A qué se llama discapacidad

Discapacidad es un término general que “abarca las deficiencias, las limitaciones de la actividad y las restricciones de la participación. Las deficiencias son problemas que afectan a una estructura o función corporal; las limitaciones de la actividad son dificultades para ejecutar acciones o tareas, y las restricciones de la participación son problemas para participar en situaciones vitales. Por consiguiente, la discapacidad es un fenómeno complejo que refleja una interacción entre las características del organismo humano y las características de la sociedad en la que vive”, define la OMS.


¿Cuál es la situación de las Américas? Datos publicados recientemente por el organismo internacional destacan que el 62 por ciento de los países que lo conforman cuentan con legislación específica, aunque en la mayoría de ellos “no existe un buen sistema de registro sobre discapacidades y rehabilitación” y, “el personal de rehabilitación es escaso en la mayoría de los países”. Respecto de América Latina, existen aproximadamente 85 millones de personas con discapacidad.


La Encuesta Nacional de Personas con Discapacidad (ENDI), complementaria del Censo Nacional de Población, Hogares y Viviendas 2001, relevó información sobre el tipo de discapacidad que afecta a quienes habitan suelo argentino. Más de 634 mil padecen problemas visuales; más de 520 mil, auditivos; unas 110 mil, del habla; aproximadamente 1 millón 140 mil, motora. Unas 436 mil personas presentan deficiencias mentales y más de 45 mil “otras discapacidades”.

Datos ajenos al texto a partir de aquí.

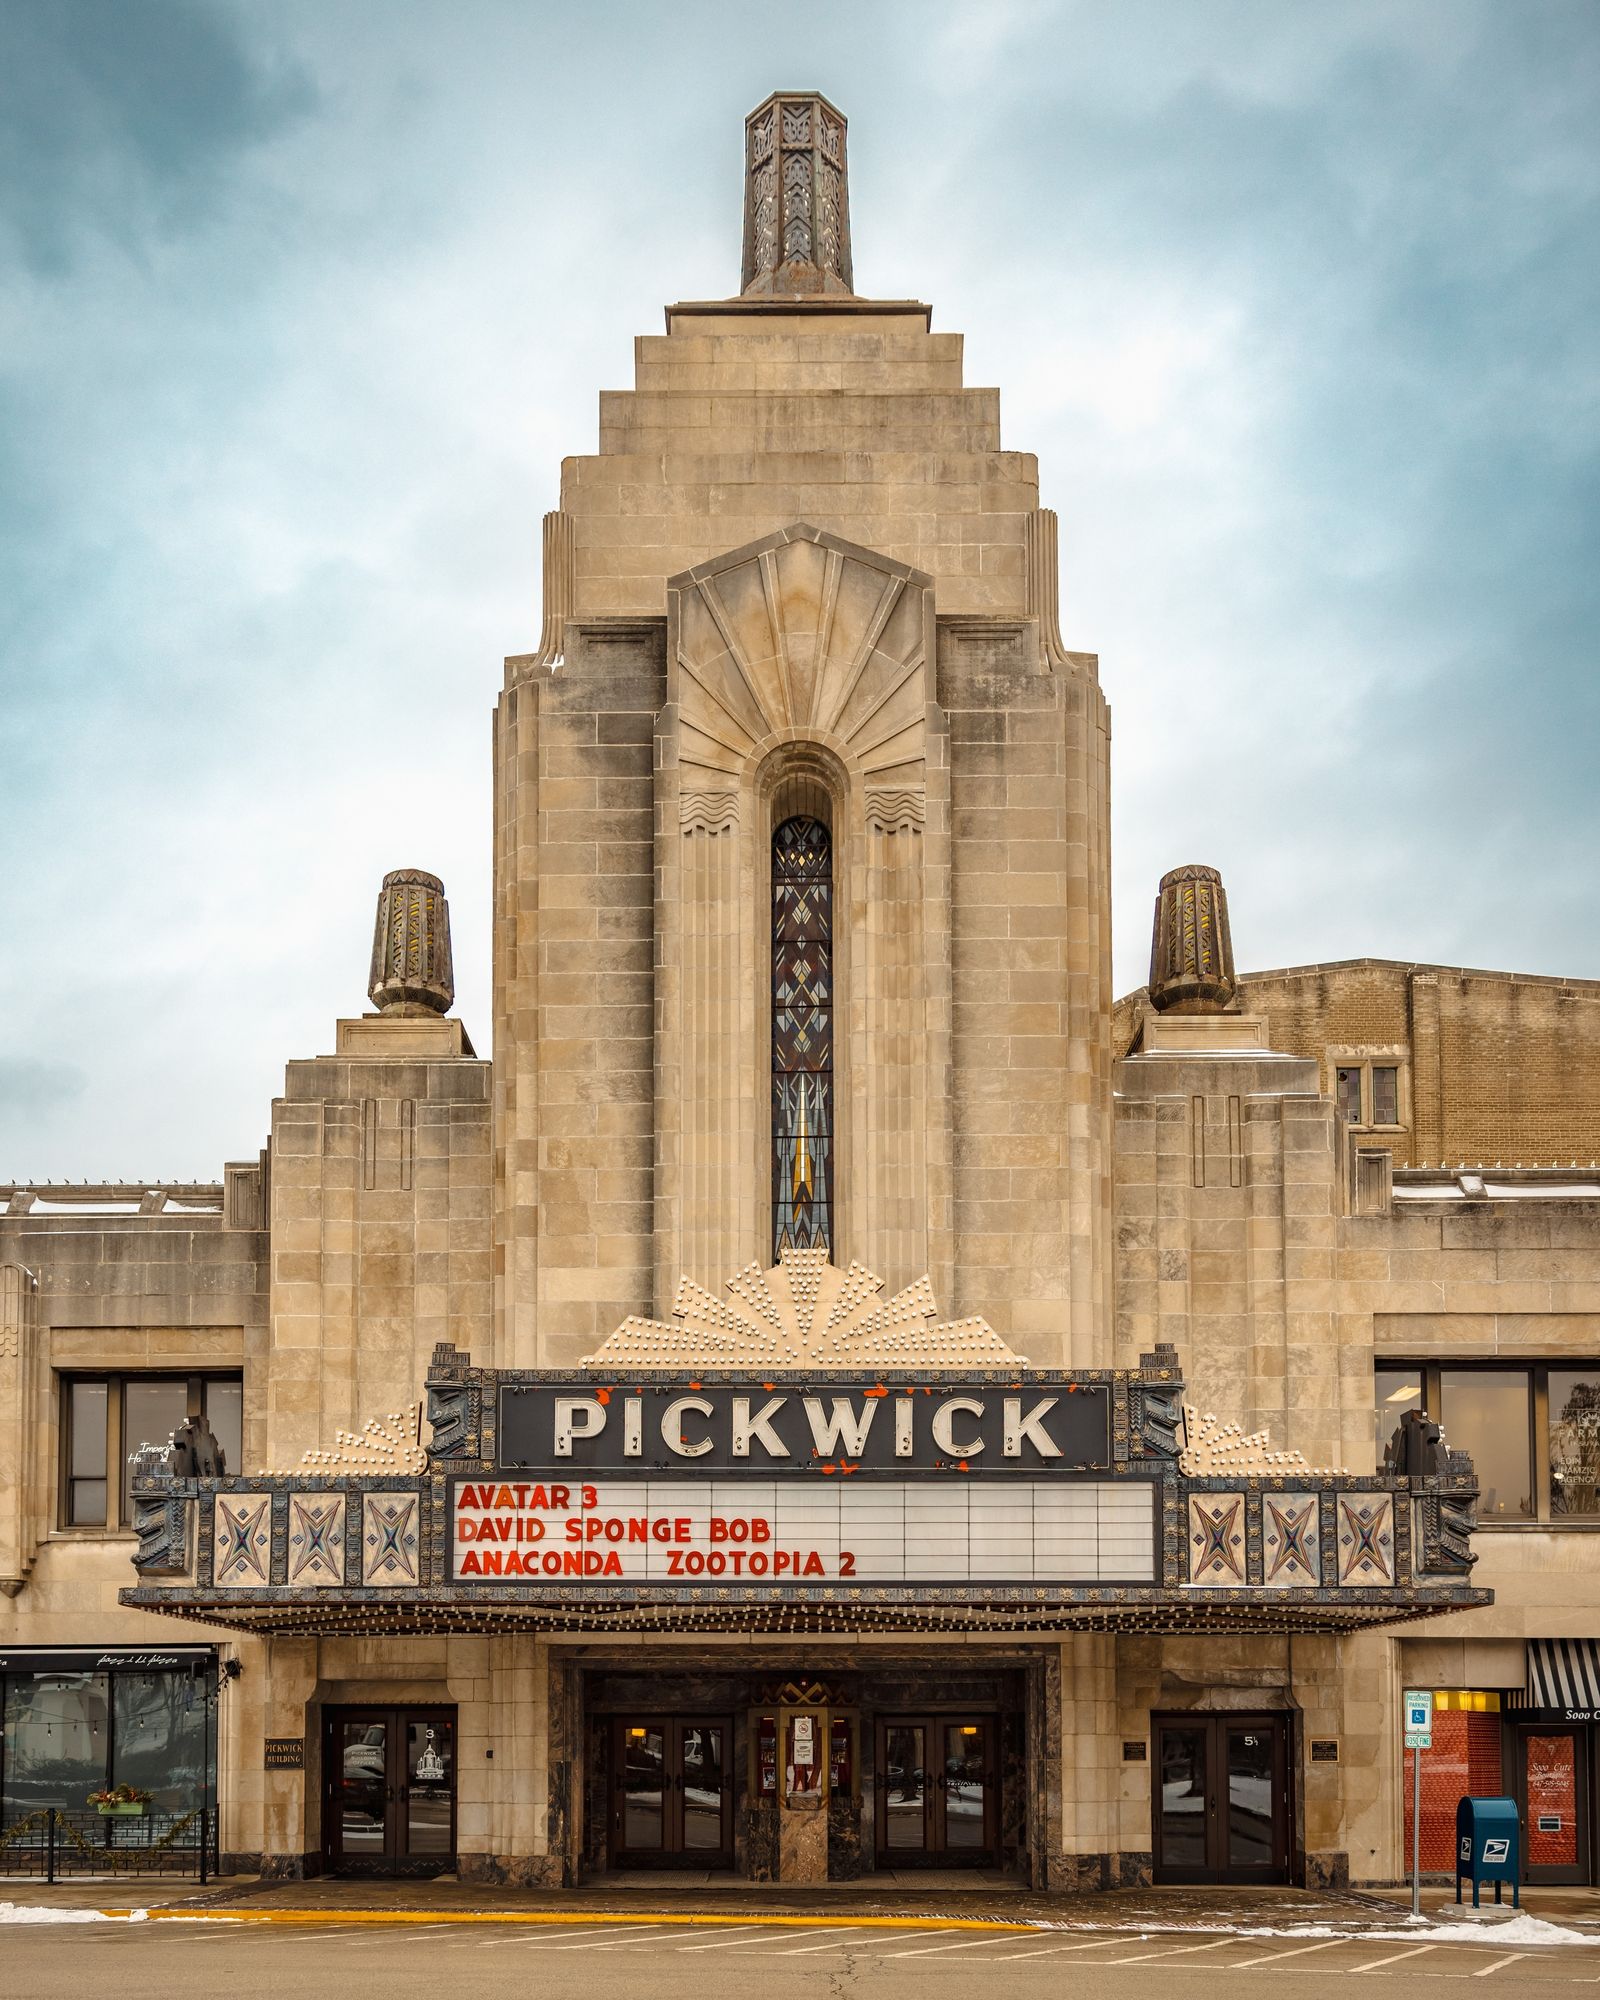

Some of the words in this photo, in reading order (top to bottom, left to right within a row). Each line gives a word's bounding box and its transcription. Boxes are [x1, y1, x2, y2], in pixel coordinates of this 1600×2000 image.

[554, 1397, 1063, 1457] PICKWICK
[1560, 1475, 1596, 1483] AGENCY
[458, 1485, 569, 1509] AVATAR
[582, 1486, 598, 1509] 3
[458, 1517, 545, 1542] DAVID
[565, 1518, 691, 1542] SPONGE
[710, 1519, 770, 1543] BOB
[460, 1551, 623, 1575] ANACONDA
[667, 1551, 825, 1576] ZOOTOPIA
[839, 1552, 856, 1576] 2
[1565, 1709, 1591, 1720] Sooo
[425, 1729, 434, 1739] 3
[265, 1744, 303, 1753] PICKWICK
[267, 1755, 301, 1763] BUILDING
[1553, 1762, 1571, 1771] Cute

Derechos y realidad laboral

Argentina cuenta con normas que protegen los derechos de las personas discapacitadas. La Ley 22431 (Sistema de Protección al Discapacitado) instituye -entre otros aspectos- “un sistema de protección integral de las personas discapacitadas, tendientes a asegurar a éstas su atención médica, su educación y su seguridad”.


En su artículo octavo estipula que “El Estado Nacional, sus Organismos descentralizados o autárquicos, los entes públicos no estatales, las empresas del Estado y la Municipalidad de la Ciudad de Buenos Aires, están obligados a ocupar personas discapacitadas que reúnan condiciones de idoneidad para el cargo, en una proporción no inferior al cuatro por ciento de la totalidad de su personal”. Por su parte los empleadores nacionales también reciben beneficios ya que el 70 por ciento del total de remuneraciones abonadas en el ejercicio fiscal, podrá ser deducido de la base del impuesto a las ganancias, de dicho período fiscal.

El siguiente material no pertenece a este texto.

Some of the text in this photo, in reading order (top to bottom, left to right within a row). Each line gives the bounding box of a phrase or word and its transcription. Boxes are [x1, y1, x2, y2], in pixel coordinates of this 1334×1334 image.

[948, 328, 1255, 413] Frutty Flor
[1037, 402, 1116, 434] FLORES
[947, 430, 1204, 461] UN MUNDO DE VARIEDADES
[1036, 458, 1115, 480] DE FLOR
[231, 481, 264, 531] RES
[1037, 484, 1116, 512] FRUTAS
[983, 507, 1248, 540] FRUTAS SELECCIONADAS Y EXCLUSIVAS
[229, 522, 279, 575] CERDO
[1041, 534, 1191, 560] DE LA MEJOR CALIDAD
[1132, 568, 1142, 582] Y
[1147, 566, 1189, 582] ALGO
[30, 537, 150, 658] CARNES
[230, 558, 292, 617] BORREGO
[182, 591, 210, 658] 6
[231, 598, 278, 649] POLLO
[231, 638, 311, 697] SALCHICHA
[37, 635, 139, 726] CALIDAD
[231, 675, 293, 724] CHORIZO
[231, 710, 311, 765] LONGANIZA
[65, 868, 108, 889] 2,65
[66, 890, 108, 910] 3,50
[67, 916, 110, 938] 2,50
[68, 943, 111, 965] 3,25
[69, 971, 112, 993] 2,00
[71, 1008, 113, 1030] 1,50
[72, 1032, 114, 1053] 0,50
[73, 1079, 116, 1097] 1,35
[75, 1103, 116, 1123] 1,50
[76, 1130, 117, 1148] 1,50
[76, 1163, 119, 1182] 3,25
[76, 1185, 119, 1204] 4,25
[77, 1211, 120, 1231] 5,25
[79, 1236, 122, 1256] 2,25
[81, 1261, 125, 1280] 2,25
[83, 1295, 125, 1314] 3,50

Para el vicepresidente del Colegio de Abogados, Eduardo Awad, “la ley es muy clara y no la cumplen”. “¿Para qué queremos un país con cerca de 27 millones de leyes si no las cumplimos?”, se interrogó el letrado a la hora de evaluar la situación de quienes no pueden ingresar al mercado laboral y desean hacerlo cuando viven con algún tipo de discapacidad. Dijo además que la discapacidad no sólo no es un tema considerado por los medios de comunicación masiva sino también por la sociedad en general.
Quien también consideró como ínfimos los cambios es la licenciada Mercedes Monjaime, en la Coordinación de los Foros de la Sociedad Civil Responsable del Foro de Personas con Discapacidad del Instituto Nacional contra la Discriminación, la Xenofobia y el Racismo (INADI). “Las leyes son buenas hace muchas décadas, el problema es que no se aplican”, dijo. “Grandes transformaciones no hubo. Con la cantidad de tiempo que pasó el cumplimiento es ínfimo”, respecto a las reglamentaciones normativas.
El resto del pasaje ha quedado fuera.